# Work order:
The entries are to be reproduced verbatim, and their pictures left out.

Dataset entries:
•••••
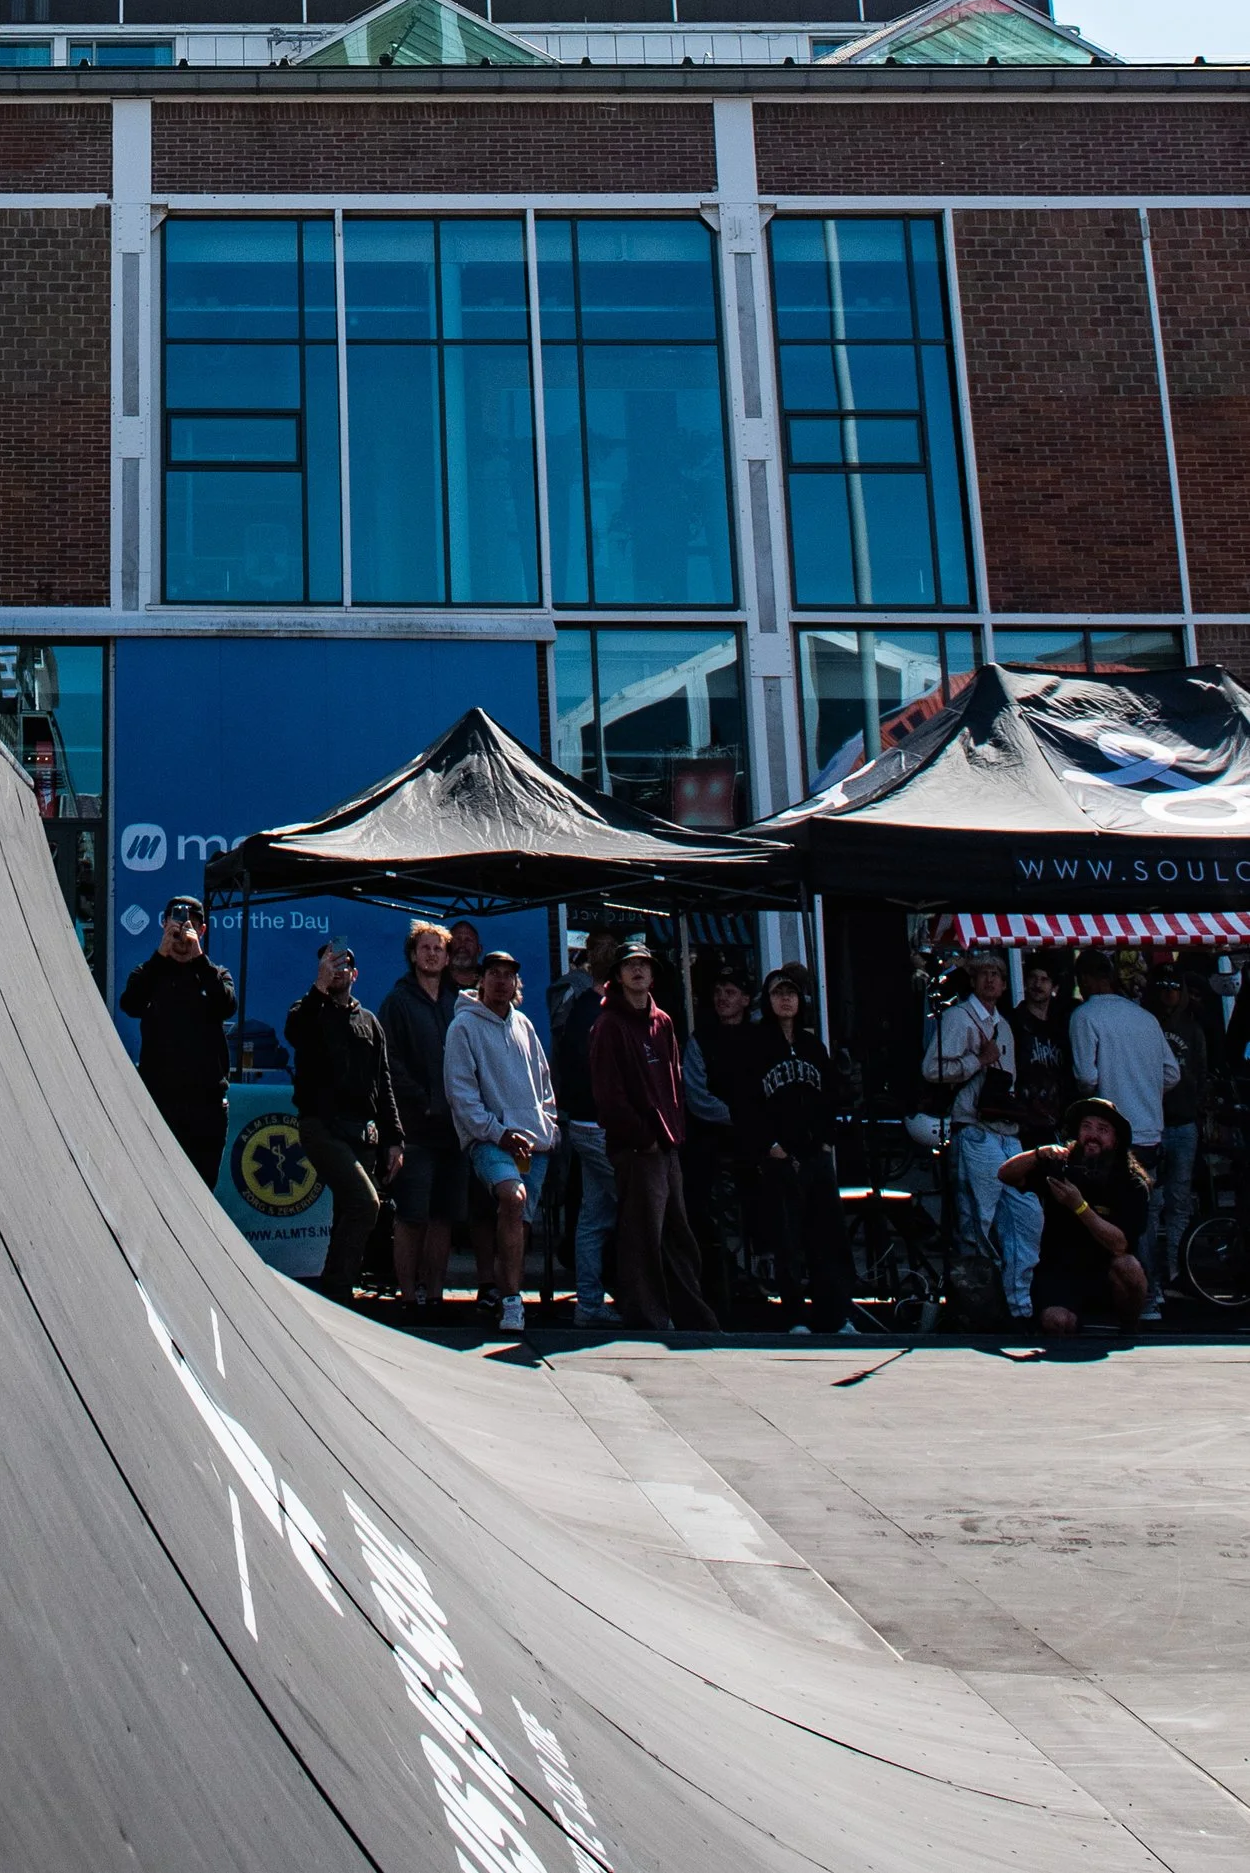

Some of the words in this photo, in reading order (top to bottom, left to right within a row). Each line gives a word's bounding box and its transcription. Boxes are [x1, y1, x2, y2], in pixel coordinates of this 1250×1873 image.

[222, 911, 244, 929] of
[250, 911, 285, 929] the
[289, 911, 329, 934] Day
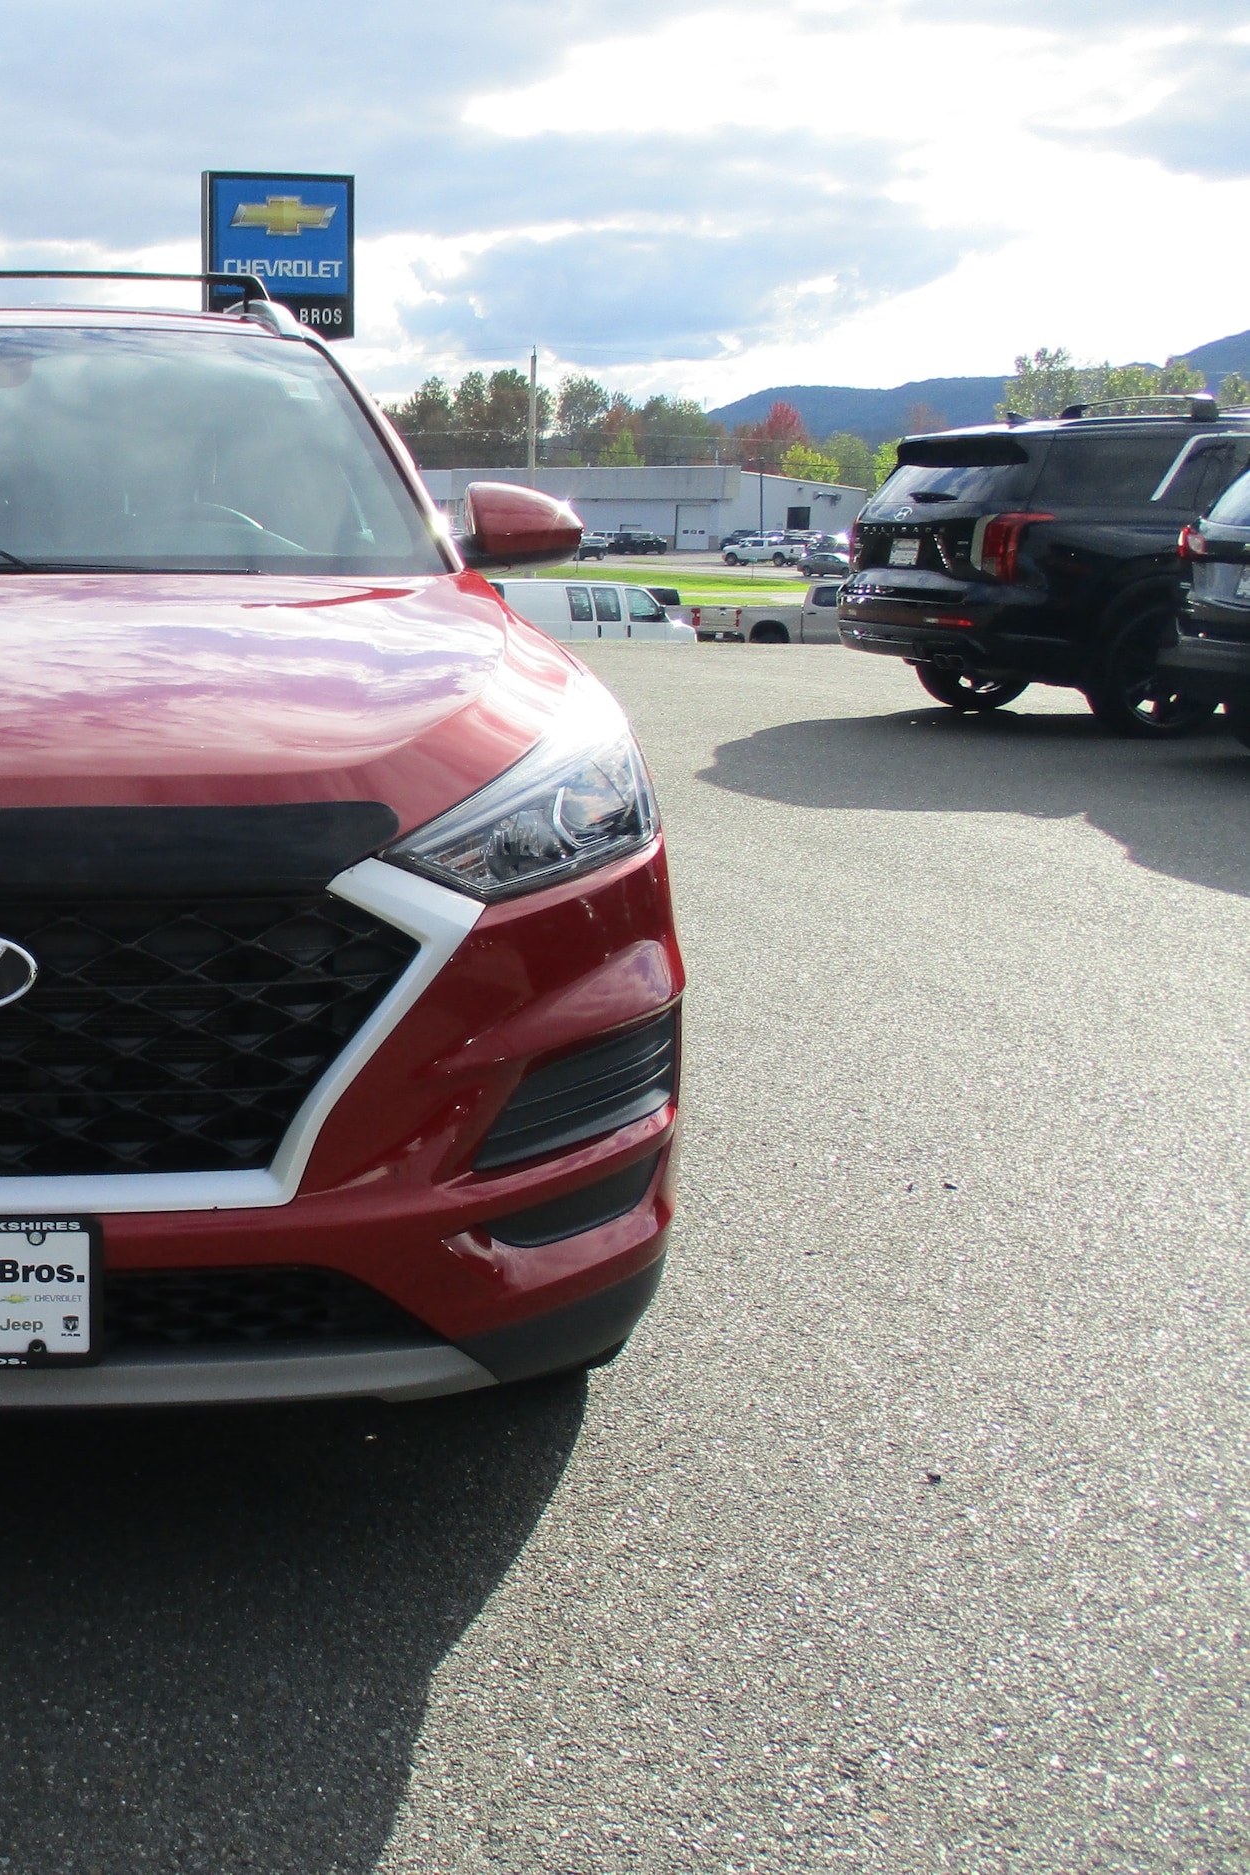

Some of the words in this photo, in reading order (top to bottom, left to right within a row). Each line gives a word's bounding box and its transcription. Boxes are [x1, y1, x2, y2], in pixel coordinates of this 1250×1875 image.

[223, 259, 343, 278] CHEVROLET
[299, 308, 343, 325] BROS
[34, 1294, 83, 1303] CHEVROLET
•••••
# Expected answer:
Some of the words in this photo, in reading order (top to bottom, left to right within a row). Each line gives a word's bounding box and its transcription. Boxes are [x1, y1, x2, y2], in pixel coordinates of this 1250×1873 image.

[222, 911, 244, 929] of
[250, 911, 285, 929] the
[289, 911, 329, 934] Day

Some of the words in this photo, in reading order (top to bottom, left to right within a row). Each line gives a word's bounding box and its transcription. Boxes are [x1, y1, x2, y2], in pixel coordinates of this 1250×1875 image.

[223, 259, 343, 278] CHEVROLET
[299, 308, 343, 325] BROS
[34, 1294, 83, 1303] CHEVROLET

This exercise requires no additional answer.